It’s been a privilege and an inspiration to spend time with
granddaughter Amalía during her
first nine months of life, as she discovers her body (first hands, then feet)
and the world around her.
Nearly forty years ago, when my own three children were born,
I watched our firstborn’s first year—even took some notes that ended up in a
child development text book—but by the second, there was no time for taking
notes and by the third, not even a baby book stuffed in a closet in a bag
filled with souvenirs.
I had forgotten until now the overwhelming joy with which a
baby meets the world (as long as she’s not ill or in pain.) To see Amalía light up and squeal with
joy when she wakes up from a nap and sees your face is enough to make any day
wonderful.
She loves to eat (anything including vitamins and paper
towels) and when she’s fed something she really likes, she will croon and sing
and even clap her hand in appreciation.
Once she liked her food so much she stood up in her high chair and did a
little dance of joy before plopping down and opening her mouth for more like a
baby bird. She’ll “read” her
picture books by herself, pointing and squealing at the baby animals.
The things that make a toddler ecstatic are so simple:
blowing soap bubbles, stomping in a puddle, playing peek-a-boo, feeding pigeons. The things that elicit that throaty
little giggle the ones that are at first surprising and perhaps a little scary
but then turn out to be funny instead.
Until she was about eight months old, Amalía loved everyone,
and when I pushed her stroller down the street she’d babble and wave to
passers-by, even homeless people in doorways and construction workers on a
cigarette break. Everyone responded to her as we passed: “Hey! That baby’s
talking to me!”
Now, at nine months, the slightest tinge of stranger anxiety
has crept in. She won’t go into
the arms of a newcomer until she’s had about ten minutes to get to know them. But
if she’s sitting next to you in an airplane or restaurant or on the playground,
she’ll soon pat you on the arm to say hello.
And although no bad thing has ever happened to her, Amalía’s
starting to fear things that she never noticed before—like a large stuffed lion
in a toy store, or the guttural voice that comes out of one of her counting
toys. A lot of her “job” these
days is figuring out what is real and what isn’t. And I know the stranger anxiety is a necessary skill—undoubtedly
an instinct useful for survival.
All babies and children are filled with joy—just in being
alive. Look at puppies or colts in
a field. What a child needs to be perfectly
happy is so simple: warmth, food and the feeling of security—knowing they are
protected by someone more powerful than they are. It’s such a shame that every child can’t be guaranteed those
basic things during the critical first years of life.
And they need a person to interact with them—to echo their
feelings and show them the world around them. While pushing a stroller every day to Central Park, I
kept seeing moms and nannies perpetually talking on their cell phones while the
child in the stroller is staring straight ahead with vacant eyes.

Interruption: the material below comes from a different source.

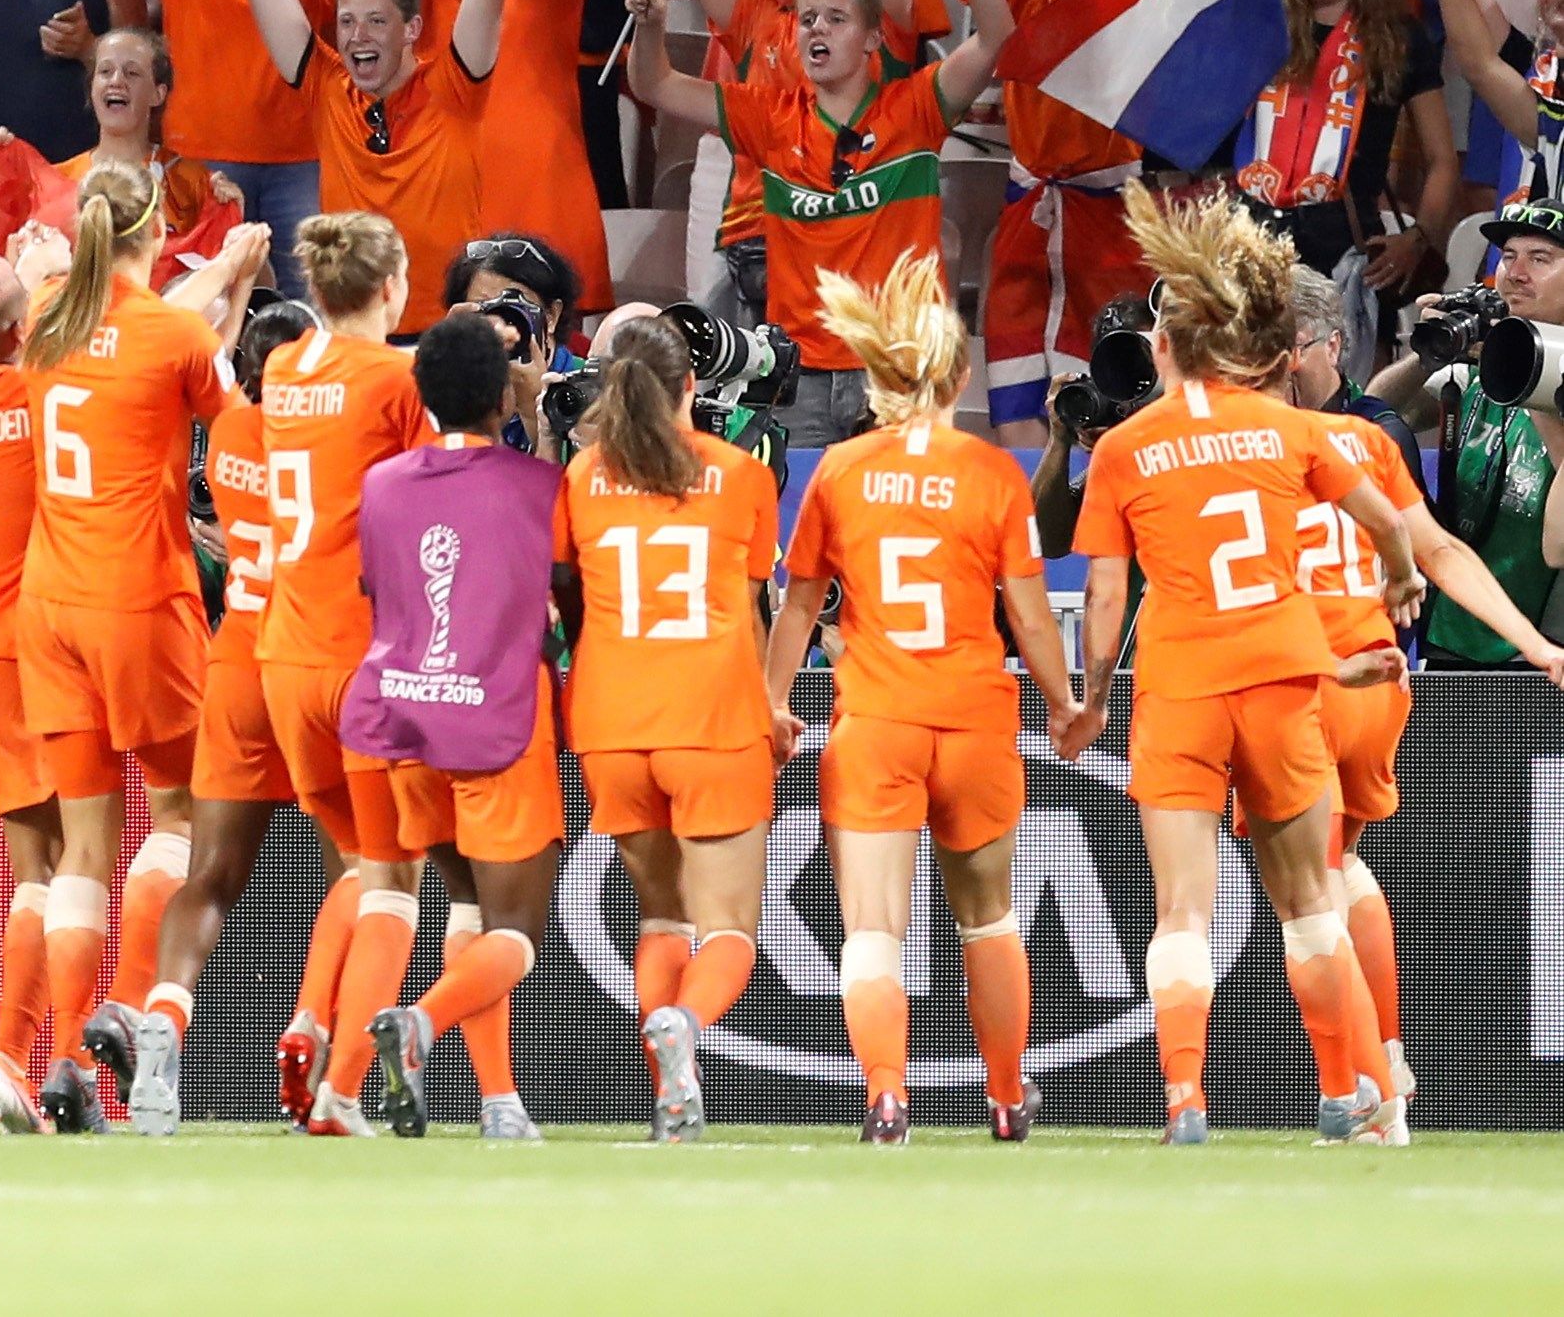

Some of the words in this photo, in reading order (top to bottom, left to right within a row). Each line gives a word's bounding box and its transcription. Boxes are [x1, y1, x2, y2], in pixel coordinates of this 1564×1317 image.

Outside the apartment where she lives, Amalía hears someone
vacuuming the carpet every afternoon, and the roar of the vacuum cleaner has
started to worry her. When she
frets, I take her into my arms and reassure her that there’s nothing out there
to be afraid of.
How terrible it must be for parents who can’t tell their
babies that with conviction—because the child is ill or there’s no money for
food, or because the living situation is dangerous, as it is for those children
who were executed in Syria recently.
But no matter how protected and cared for Amalía is, I know
the bubbling joy she shares every day with eventually fade. We’re all familiar with temper tantrums
and the terrible twos. Does anybody
know a pre-teen so thrilled by dinner that they’d jump up and dance with
joy? Or laugh in ecstatic surprise
at soap bubbles floating around them?
I think of people my own age who reply to “How are you?” with a litany of aches
and pains, and seem to walk around with a cloud of gloom hanging over their
head.
No wonder friends have been telling me for years that
grandchildren completely change your life. Just the sight of Amalía’s delight
in her new world is all the motivation I need to try to take are of myself and stay
alive longer than my parents did, so I can watch her grow and learn. I hope she
can hold on to the joy.
2 comments:
Lovely post. I'm not a grandmother, but I am blessed and honored to be the mother of six. One of the many things that is so wonderful about children is that they remind us to take joy in the simple pleasures of life. Sharing with them makes the simple pleasures even more precious because, as adults, we do know that bad things happen, and we've experienced pain and fear, but we still choose to enjoy the marvel of bugs or birds about their business, or the way puddles splash, or the joy of a raspberry eaten just after being plucked off the bush. Their joy is contagious; it invites us back to a more gentle perspective of the world.
I'm rambling. Thank you for sharing your thoughts.
Colleen
Here is a helpful (and inspiring) comment that was left on Facebook. I'm going to find their location in Boston and donate
"Margaret Borden: FYI there is a great organization called Room To Grow that provides support for at-risk families with children under 3 (and/or pregnant mothers). You can donate toys, clothes, even strollers and they have locations in NYC and Boston. Their NYC center is set up like a little boutique with all the things that have been donated."